Patrick Moorhead: Yeah. Daniel, conversation you and I had, I think a week ago, I can't believe how many things are going on at the same time. Even at a high level, it's hard to keep track of what's going on and what's important. I mean one of the, the biggest examples of this, you know, Microsoft does the biggest data center announcement they've ever done and the most powerful in the entire industry in Wisconsin the same day you've got the Nvidia and Intel announcement that happens and the Microsoft Wisconsin data center announcement gets drowned out. I think what we're seeing here is these big companies recognize that things are moving so quickly and there are large players they're competing with but also smaller players they're competing with and they need to work faster. Right. And to me putting a CEO in charge of, you know, putting Judson as CEO of the commercial market and products and operations and while engineering doesn't, doesn't report into him, I am told that he gets final decision making on products that should move better and also better understanding what your customers want and what they're willing to pay money for. I think that will speed up and then you've got Satya that will spend less time doing that and more time invested into the bear tech technology kind of like a founder and also the gigantic capex investments that the company is making. So this is a classic divide and conquer and Sati is still the CEO of the company but he has a co CEO that works for him but is empowered to make the decision. The buck stops with Judson on this. I like what I see.
Daniel Newman: Yeah, I, I think that's a good assessment. So let's hit one more item Pat on the policy front just really quickly. The 50 of chips locally thing, I mean is that, is that just like moonshot at this point?
Patrick Moorhead: Listen, 20 in 2030 looks to be a moonshot particularly when you look at the growth in AI and I doubt you know we will hit that and that was the original chips act. So you know, 50% by X time frame. Yeah, it is a moonshot. You know in fact it's not a moonshot, it's a Jupiter shot. Right. We're going to put you know land people on the, you know, the horrible planet that's Jupiter that kills everything that sits on top of it and takes a decade to, to get there. So yeah, but I do see this is strictly from a business and policy standpoint.
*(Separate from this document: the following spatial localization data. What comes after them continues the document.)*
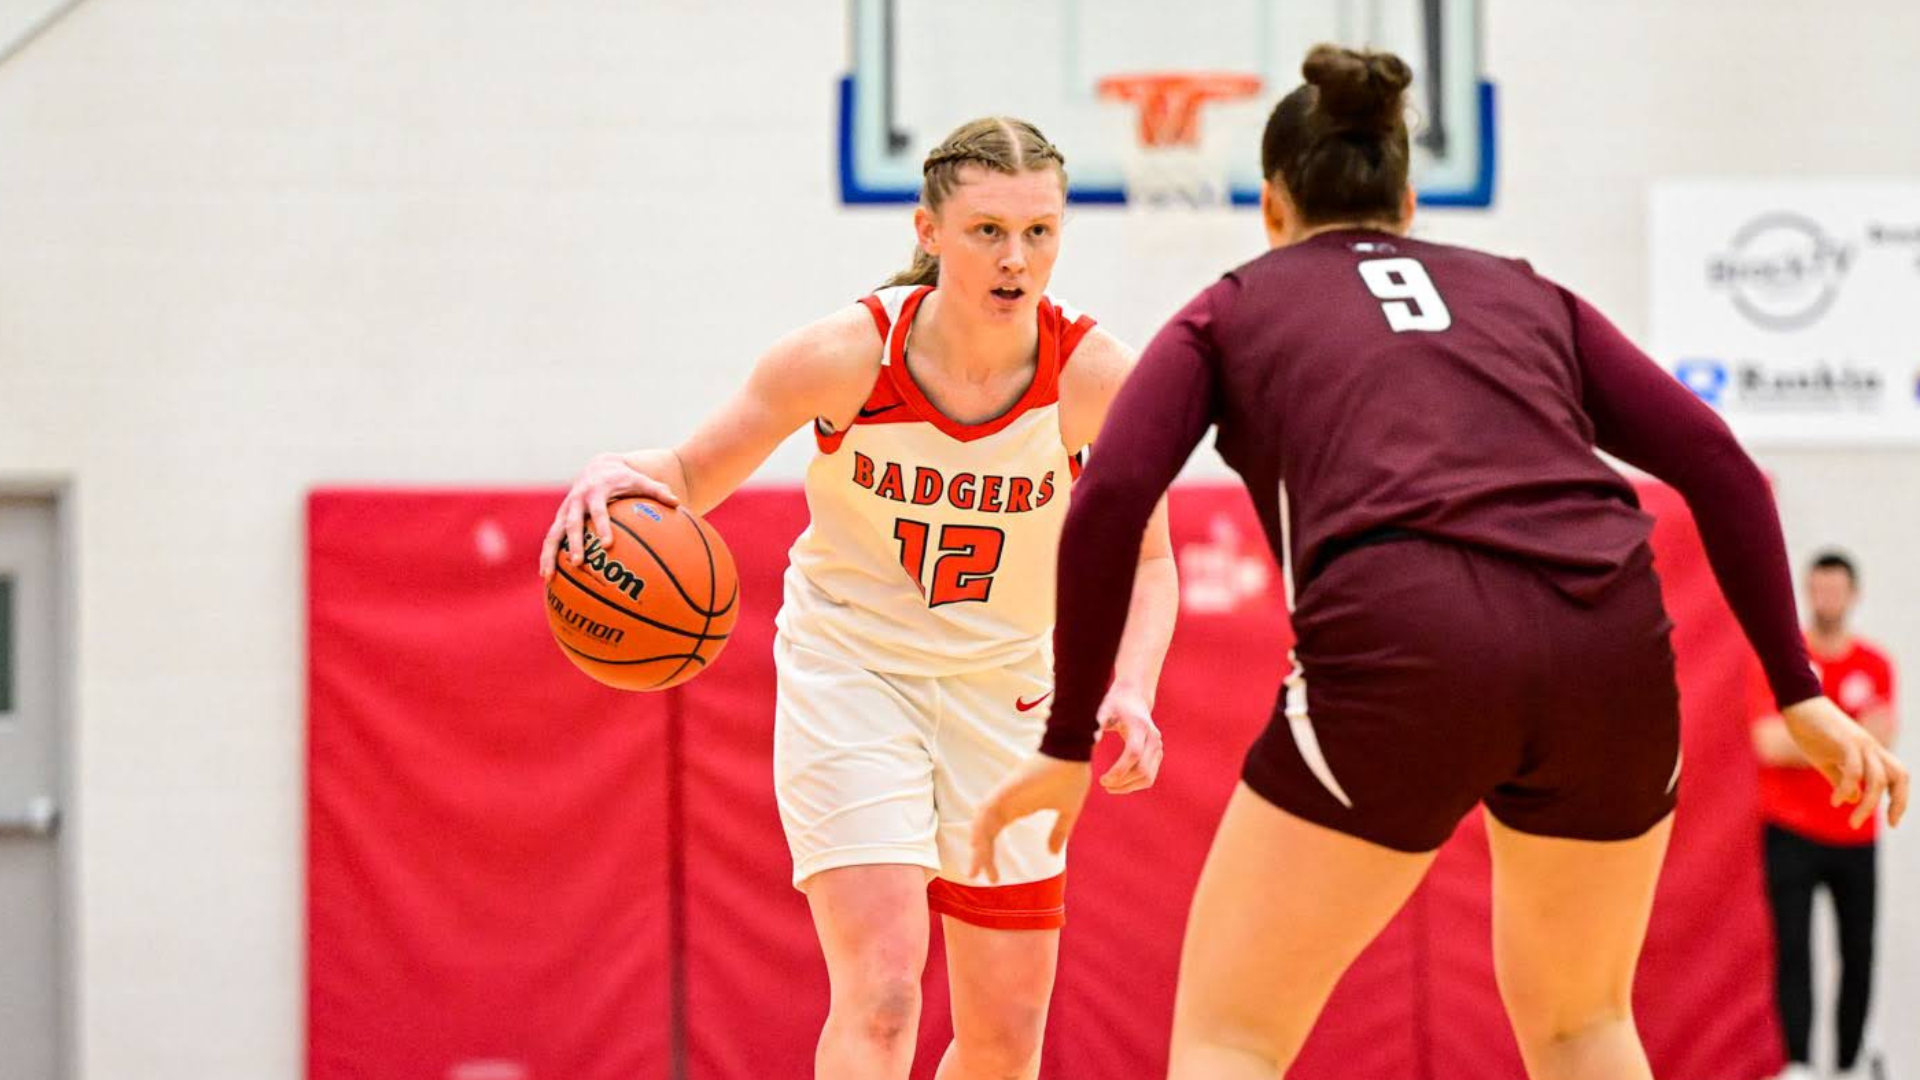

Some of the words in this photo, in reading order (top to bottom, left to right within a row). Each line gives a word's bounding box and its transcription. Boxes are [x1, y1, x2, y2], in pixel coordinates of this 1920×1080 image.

[1357, 257, 1452, 333] 9
[852, 450, 1055, 513] BADGERS
[893, 517, 1005, 609] 12
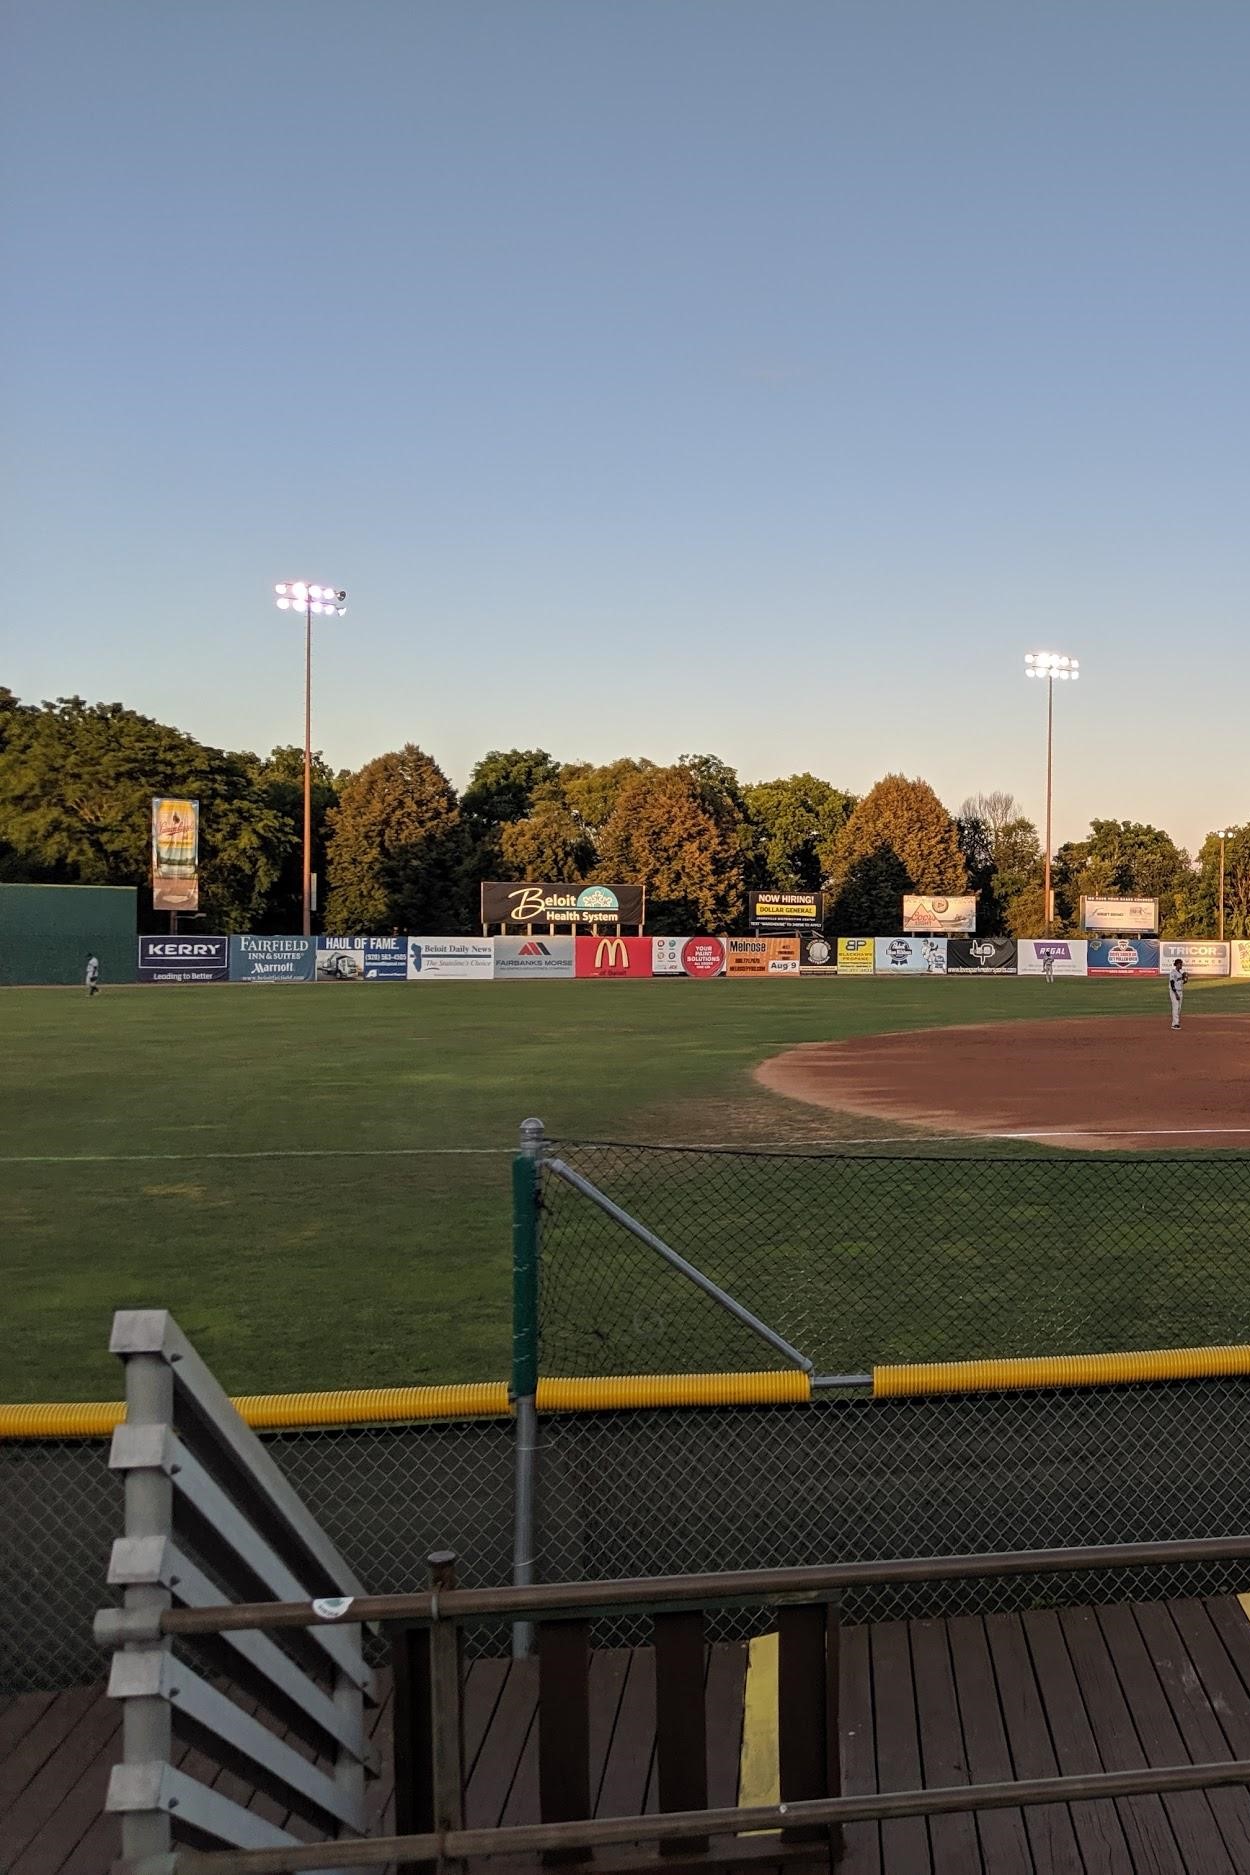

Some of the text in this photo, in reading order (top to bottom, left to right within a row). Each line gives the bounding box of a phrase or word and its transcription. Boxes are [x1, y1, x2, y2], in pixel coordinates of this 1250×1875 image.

[508, 887, 577, 920] Beloit
[758, 894, 814, 904] NOW HIRING!
[546, 911, 618, 923] Health System
[240, 936, 309, 952] FAIRFIELD
[326, 937, 350, 950] HAUL
[354, 938, 367, 950] OF
[449, 945, 469, 953] Daily
[730, 941, 766, 952] Melrose
[149, 943, 220, 956] KERRY
[1168, 947, 1217, 955] TRICOR
[251, 963, 294, 974] Marriott
[771, 962, 788, 970] Aug
[153, 973, 182, 981] Leading
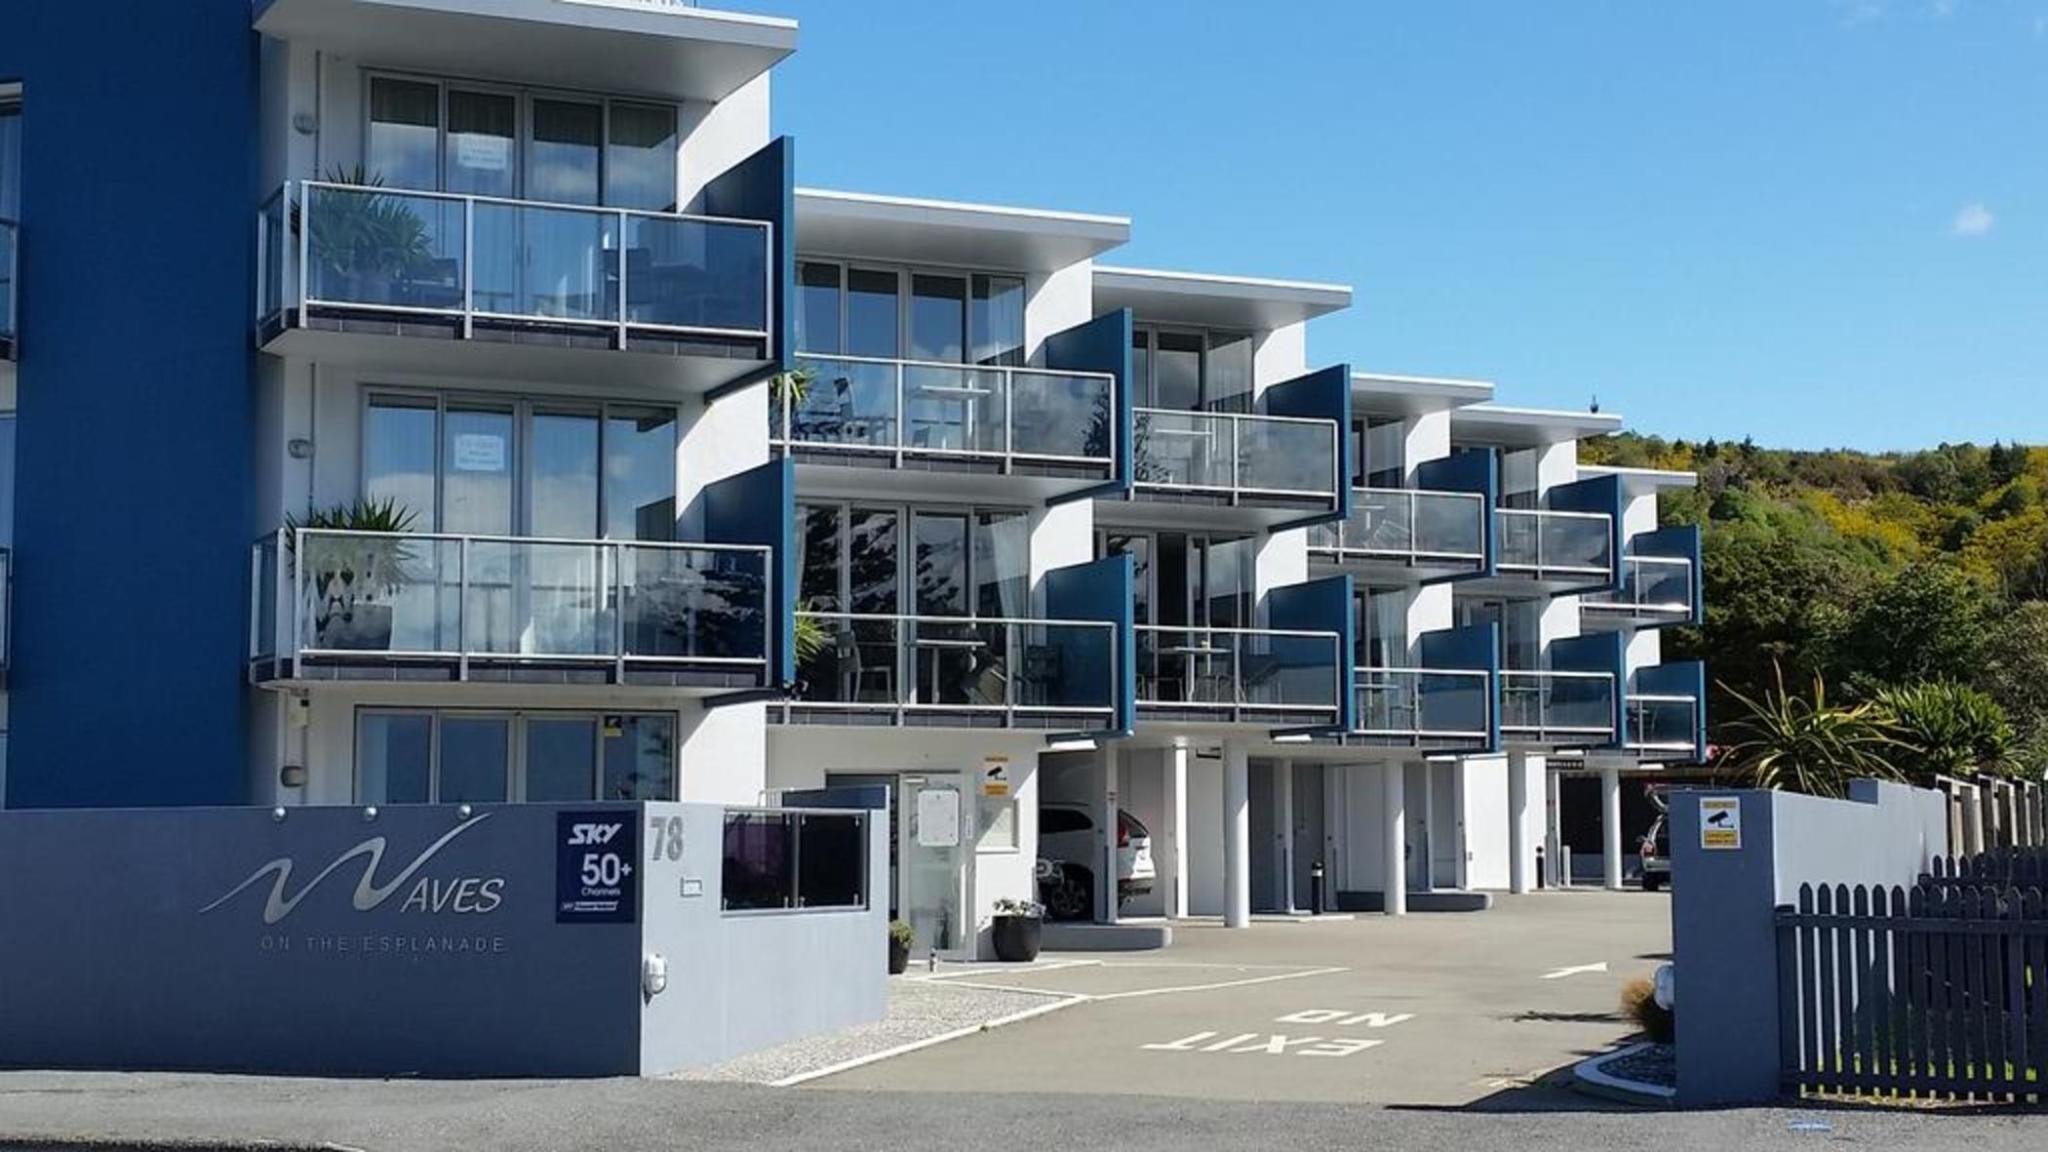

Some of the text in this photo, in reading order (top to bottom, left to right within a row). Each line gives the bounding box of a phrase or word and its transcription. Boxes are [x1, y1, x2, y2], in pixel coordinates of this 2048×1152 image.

[567, 823, 623, 845] SKY
[650, 815, 684, 862] 78
[580, 852, 633, 886] 50+
[580, 886, 621, 897] Channels
[260, 936, 504, 951] ON THE ESPLANADE
[1272, 1008, 1417, 1028] NO
[1139, 1031, 1386, 1057] EXIT
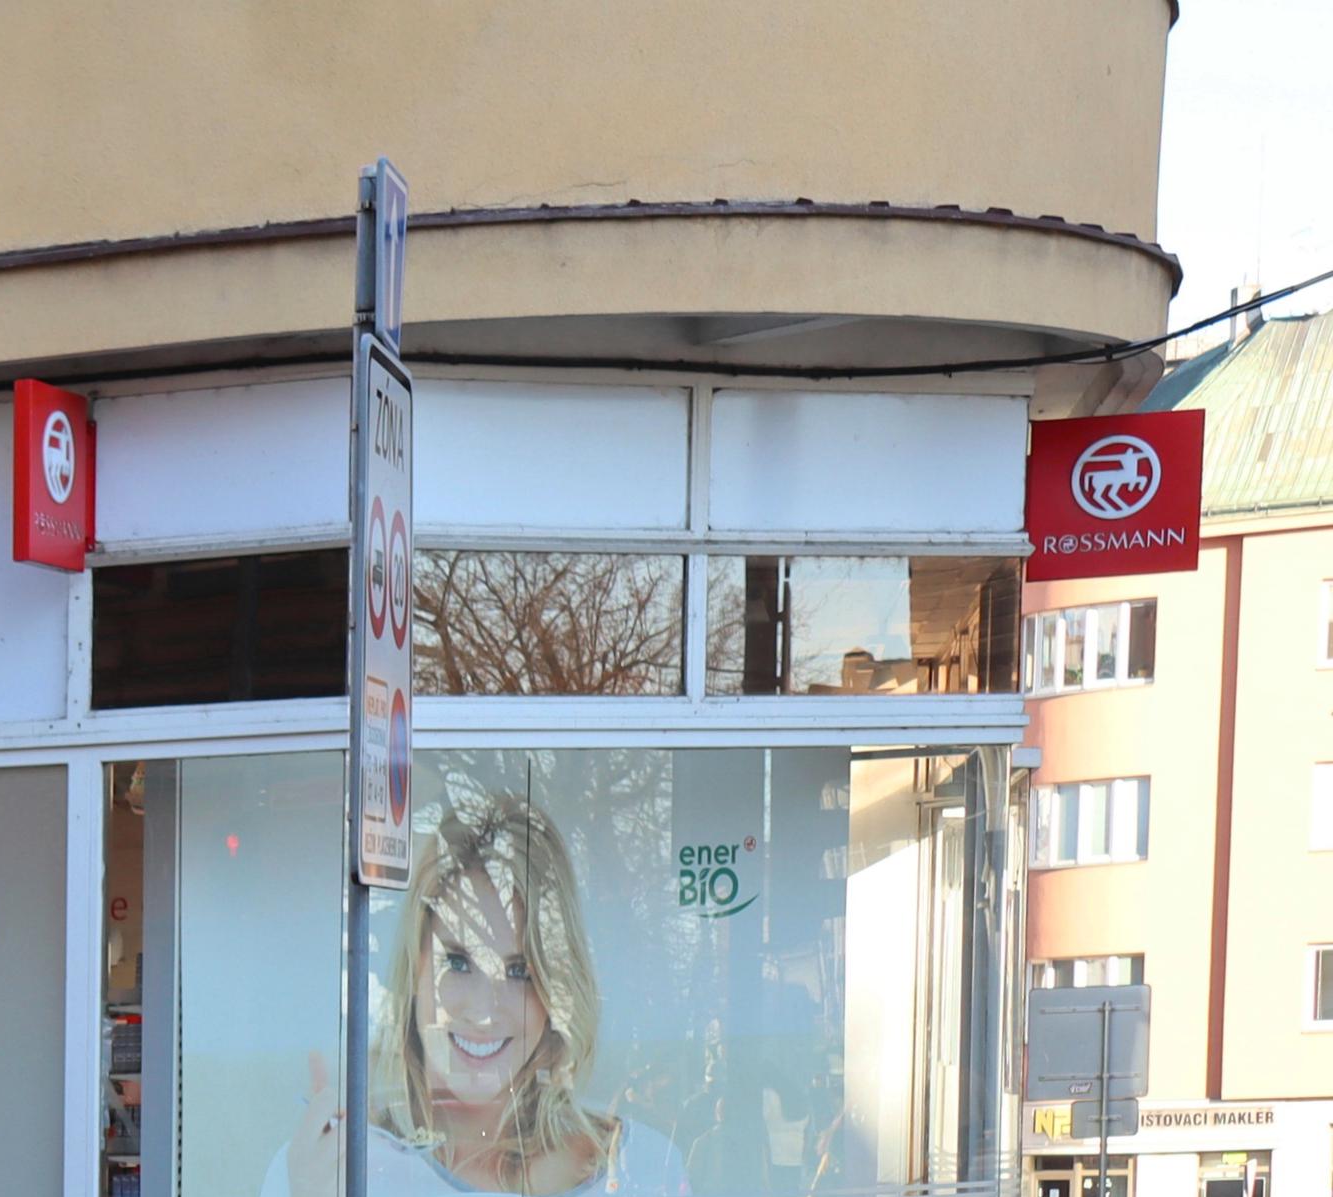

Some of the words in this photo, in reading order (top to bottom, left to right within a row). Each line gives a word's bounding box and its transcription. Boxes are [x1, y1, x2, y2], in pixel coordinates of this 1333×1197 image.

[375, 377, 405, 472] ZÓNA
[1043, 527, 1186, 556] ROSSMANN
[679, 843, 740, 866] ener
[1140, 1109, 1208, 1127] IŠŤOVACÍ
I think the administration has tried all these different ways to get more investment in the United States and I think they've finally woken up to the danger that having this concentration inside of Taiwan is, and it's not just the oh, China invades Taiwan and cuts us off from, from everything. It's the, any negotiation that Taiwan has with us, they have the advantage in any type of negotiation even if they remain a, a sovereign, a Sovereign. A sovereign country. The winners here. I mean, intel has to be a winner if this is real. Okay? And this to me looks like, you know, a continued negotiation, but it looks like the administration has more clarity around what they really need, which is 50%.
Daniel Newman: Got it. So, Pat, there's a bunch of other things. So much in a week, but you and I actually have to do real work a little bit today. I know all you wish we could just sit around and, and pontificate all day, but I want to do a flip with you. I want to hit this XPU GPU thing. I mean, look, it was like Broadcom is going to do chips for open AI and then Nvidia comes in with 100 billion and now people are like, well, maybe they won't do the chips. I mean, can they get that much investment from Nvidia? I mean, technically, yeah, no, maybe. And now MTIA and they're buying companies to advance, but they're also working more with core weave. And of course they want to get faster capacity. So should these hyperscalers just wave the white flag and go all in on merchant infrastructure? Let's go to the flip. Okay, sorry, I quickly distracted myself. Pat, you are the go. So the question here is, I mean, is it time to wear the. I think you're saying yes, wave the white flag and just go all in on merchants. Go all in Nvidia, all in amd. Scrap your Broadcom project. Scrap your custom Marvell. It's Nvidia time, baby.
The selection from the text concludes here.